I'm sure there was more meanness than that. It's not that I'm being negative; I've just seen how mean other kids are. First, I grew up seeing mean kids in my own school situations. And second, I've seen how mean other kids have been to my daughter -- from day care on up. Surely the high school play posses no magical kindness dust. (If it does, I'd love to buy some.)
Ironically, the play was The Best Christmas Pageant Ever. I'd never seen it or even read the book; but it's a funny story about The Herdmans, "absolutely the worst kids in the history of the world," and how one year they decide to participate in the church's Christmas pageant. (Seriously, The Herdmans have nothing on average kids who are mean to special needs kids.)
Anyway, my daughter made it through rehearsal etc., and we went as a family to see the play on family night's dress rehearsal.
The play was fantastic. Because Allie tends to be very negative, she had complained that she had a very small part. She had made it sound like she was barely in the play when she was not only in most of the scenes, her character actually had a name! That was joyful discovery number one.

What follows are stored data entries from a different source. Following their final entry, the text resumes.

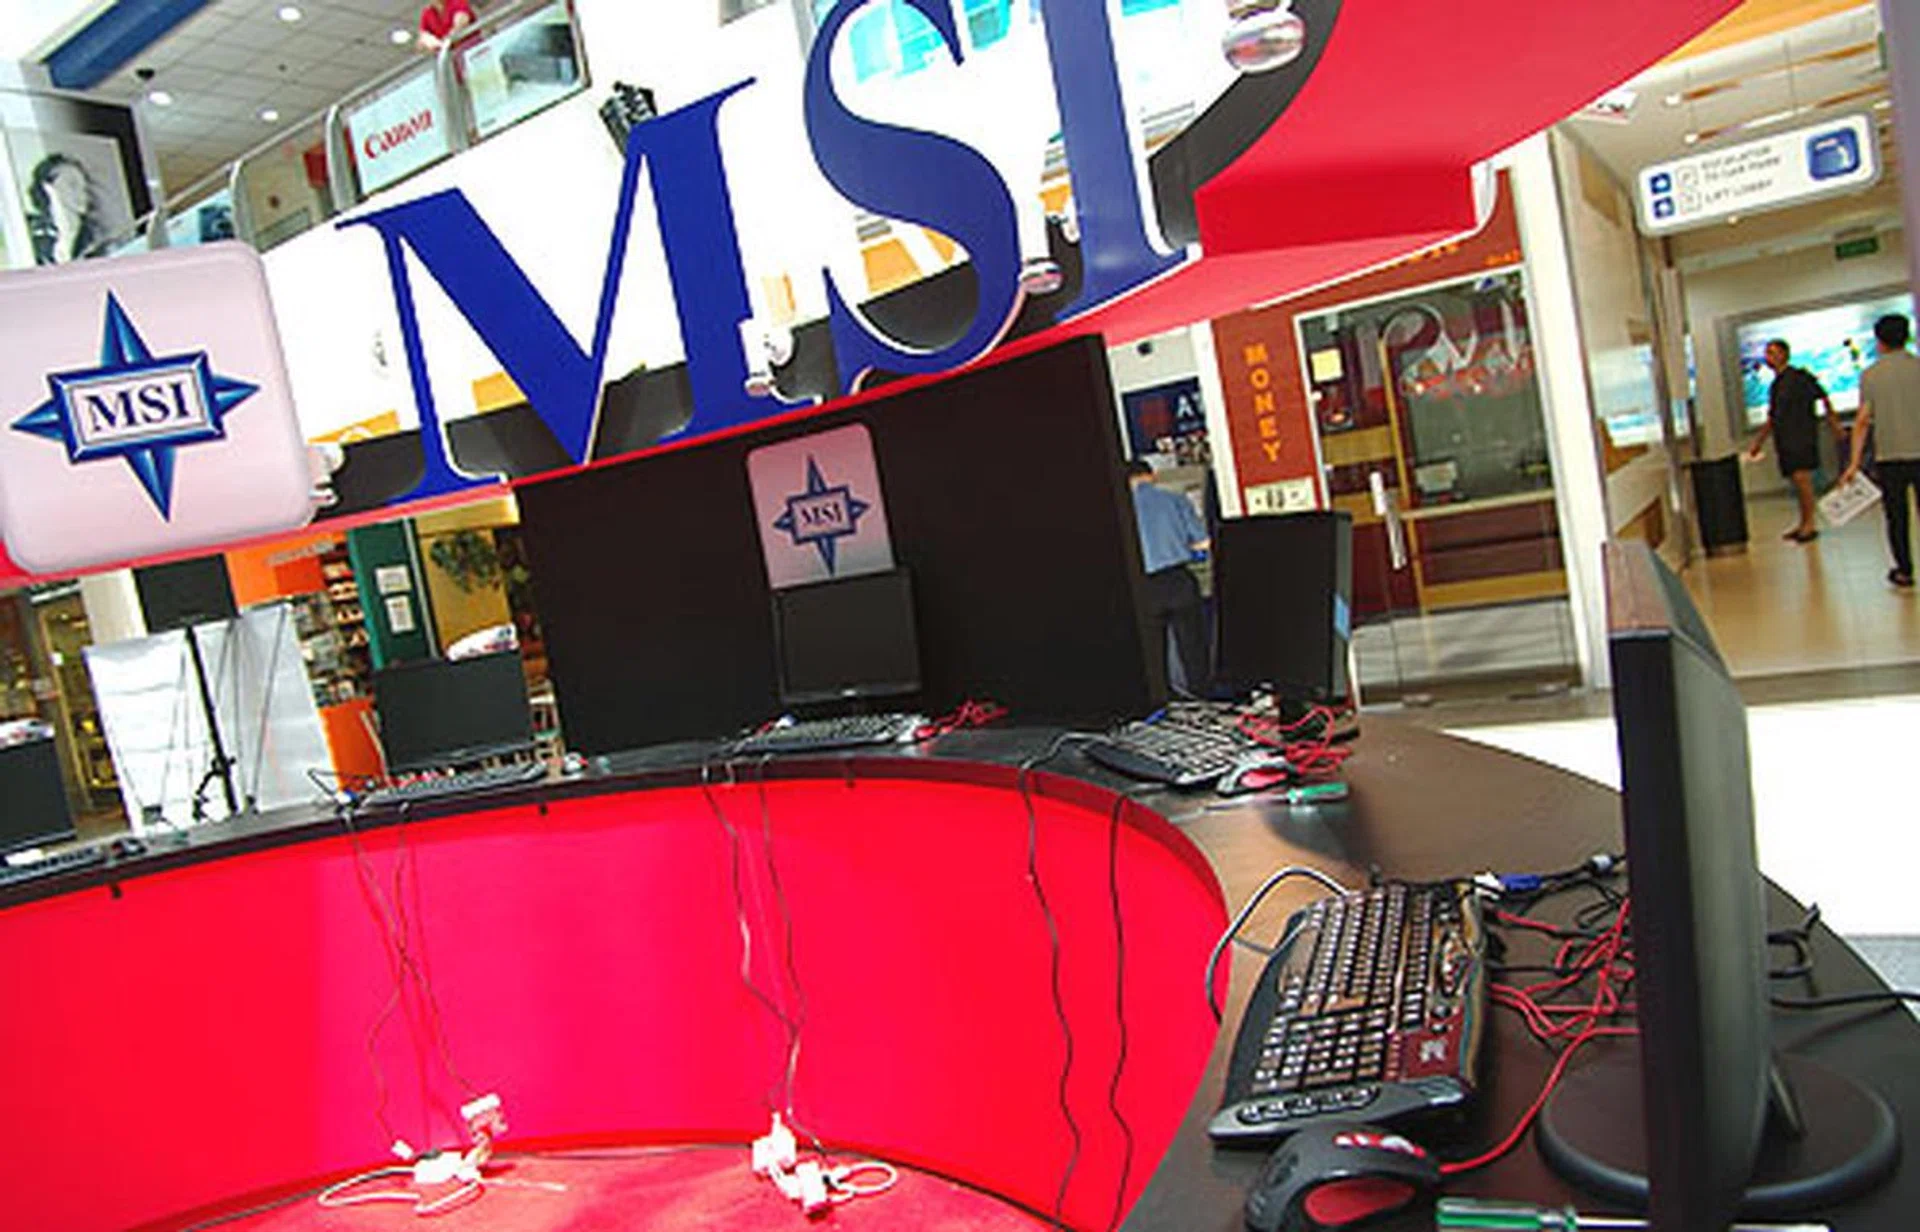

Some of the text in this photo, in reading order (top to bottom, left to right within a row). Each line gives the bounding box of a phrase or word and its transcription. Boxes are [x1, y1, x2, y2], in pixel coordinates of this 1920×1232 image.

[363, 109, 433, 160] Canon
[335, 0, 1189, 505] MSI
[85, 382, 191, 432] MSI
[1243, 343, 1282, 463] MONEY
[800, 502, 843, 526] MSI
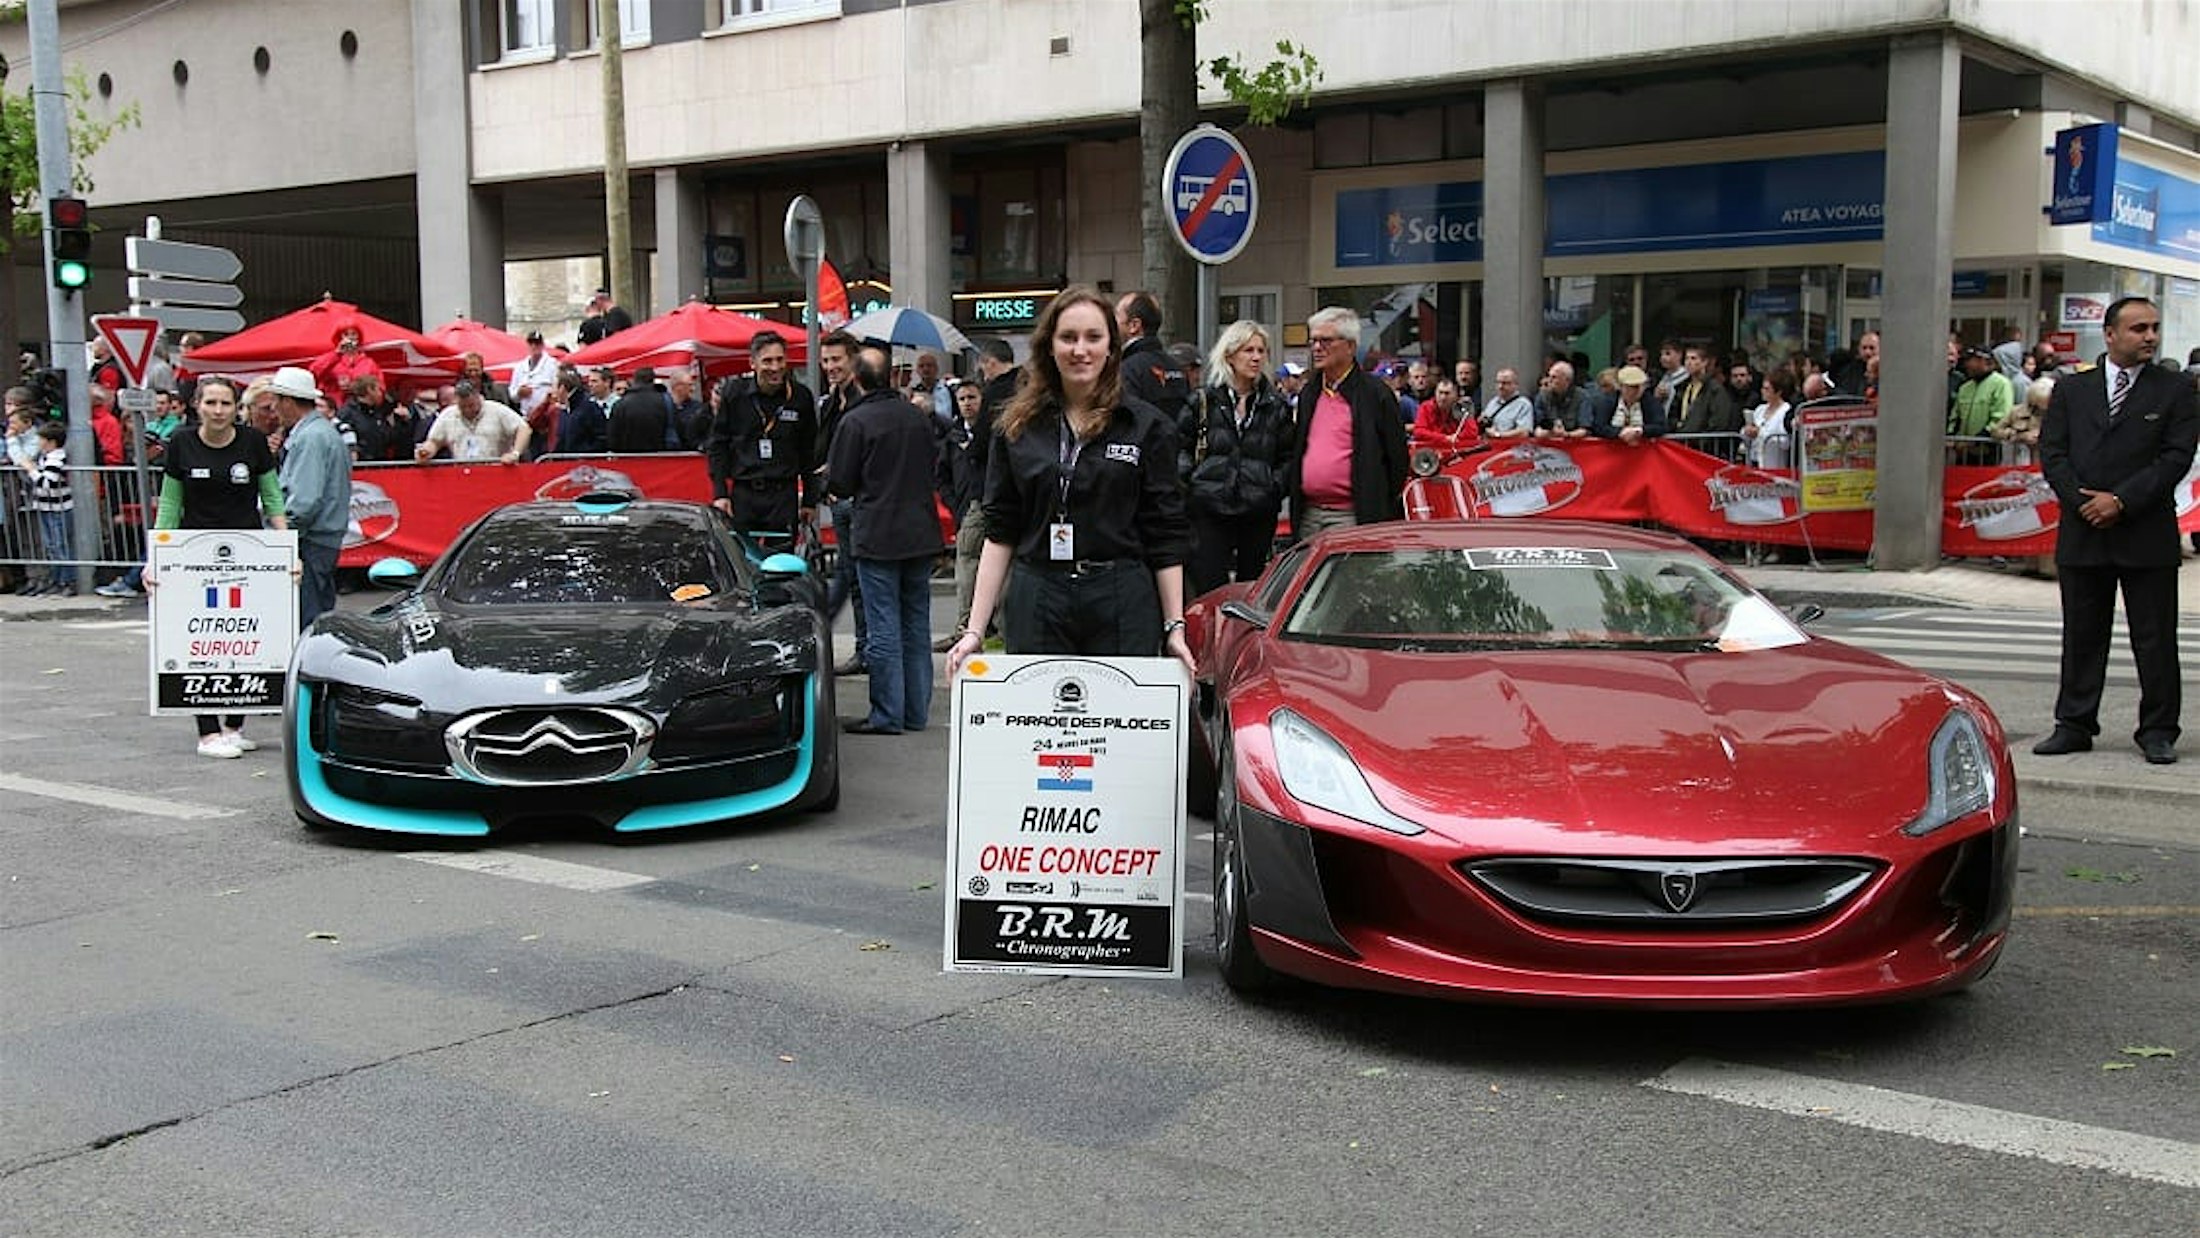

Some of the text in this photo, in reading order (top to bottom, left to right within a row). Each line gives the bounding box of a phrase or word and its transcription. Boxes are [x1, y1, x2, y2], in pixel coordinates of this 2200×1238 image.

[1781, 207, 1821, 223] ATEA
[975, 299, 1035, 320] PRESSE
[188, 617, 259, 633] CITROEN
[190, 640, 261, 656] SURVOLT
[1005, 715, 1068, 728] PARADE
[1070, 717, 1102, 729] DES
[1103, 718, 1171, 730] PILOTES
[1032, 738, 1053, 752] 24
[1021, 806, 1101, 834] RIMAC
[979, 845, 1161, 875] ONE CONCEPT
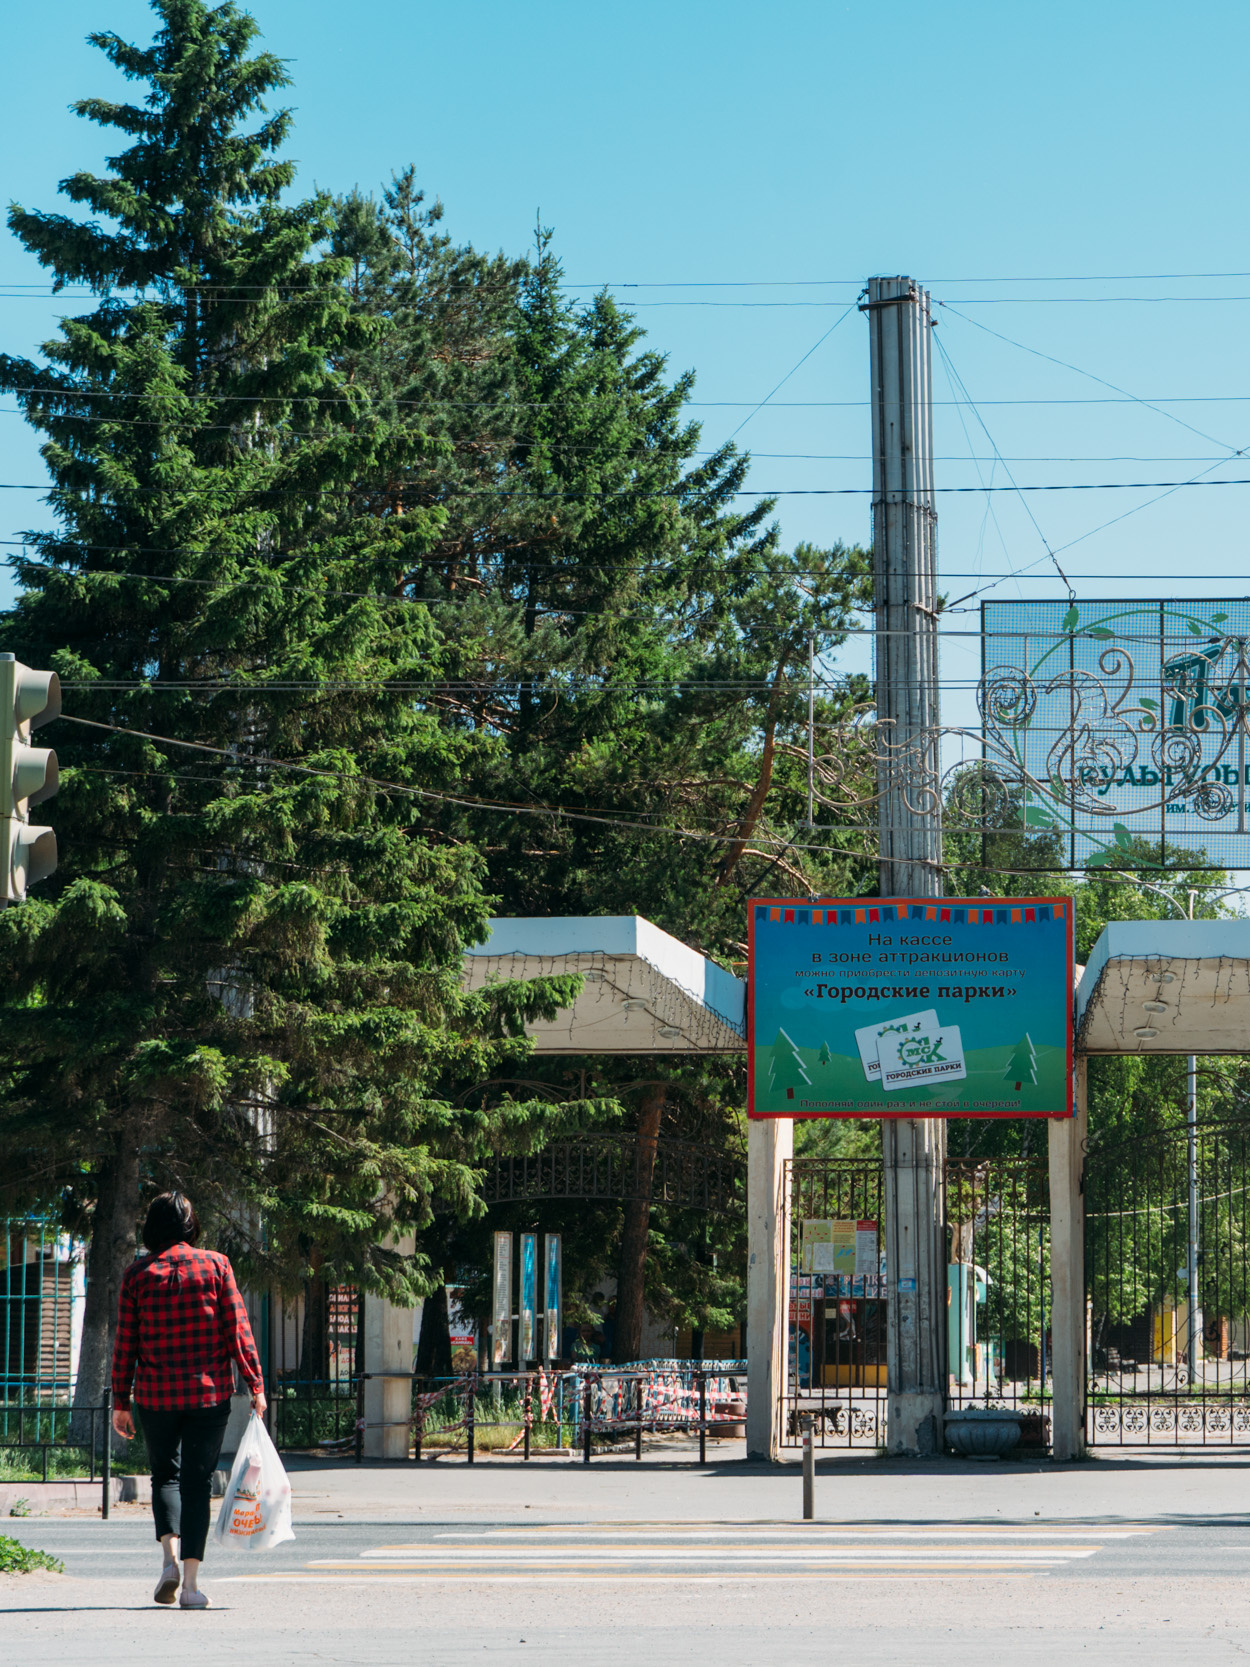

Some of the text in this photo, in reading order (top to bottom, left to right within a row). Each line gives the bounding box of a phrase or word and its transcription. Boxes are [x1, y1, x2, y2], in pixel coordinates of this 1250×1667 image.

[1165, 804, 1190, 814] им.
[868, 934, 952, 946] На кассе
[812, 952, 1009, 965] в зоне аттракционов
[839, 970, 910, 978] приобрести
[915, 970, 988, 978] депозитную
[992, 970, 1026, 978] карту
[804, 984, 1017, 1003] «Городские парки»
[886, 1063, 962, 1080] ГОРОДСКИЕ ПАРКИ

The second discovery was Allie's own success. She didn't screw up a thing. She not only remembered her lines and we could hear them clearly -- no shouting either. And hey, she didn't fall down. (Isn't that everyone's fear in a play?)
But the best part was realizing that she was as composed as the rest of the cast. She didn't stand out!
Now I know there were parents there hoping their kid would steal the show, grab the spotlight, be so memorable they'd transcend their role in a magical theatre moment. (And the parents of the young woman who played Imogene Herdman, the bossy girl who asts herself as Mary in the church pageant, sure must have been!) But as a special needs parent, I dreamed of Allie just fitting in. If only for the few hours the play ran.
And she did.
That's what made this The Best Christmas Pageant Ever.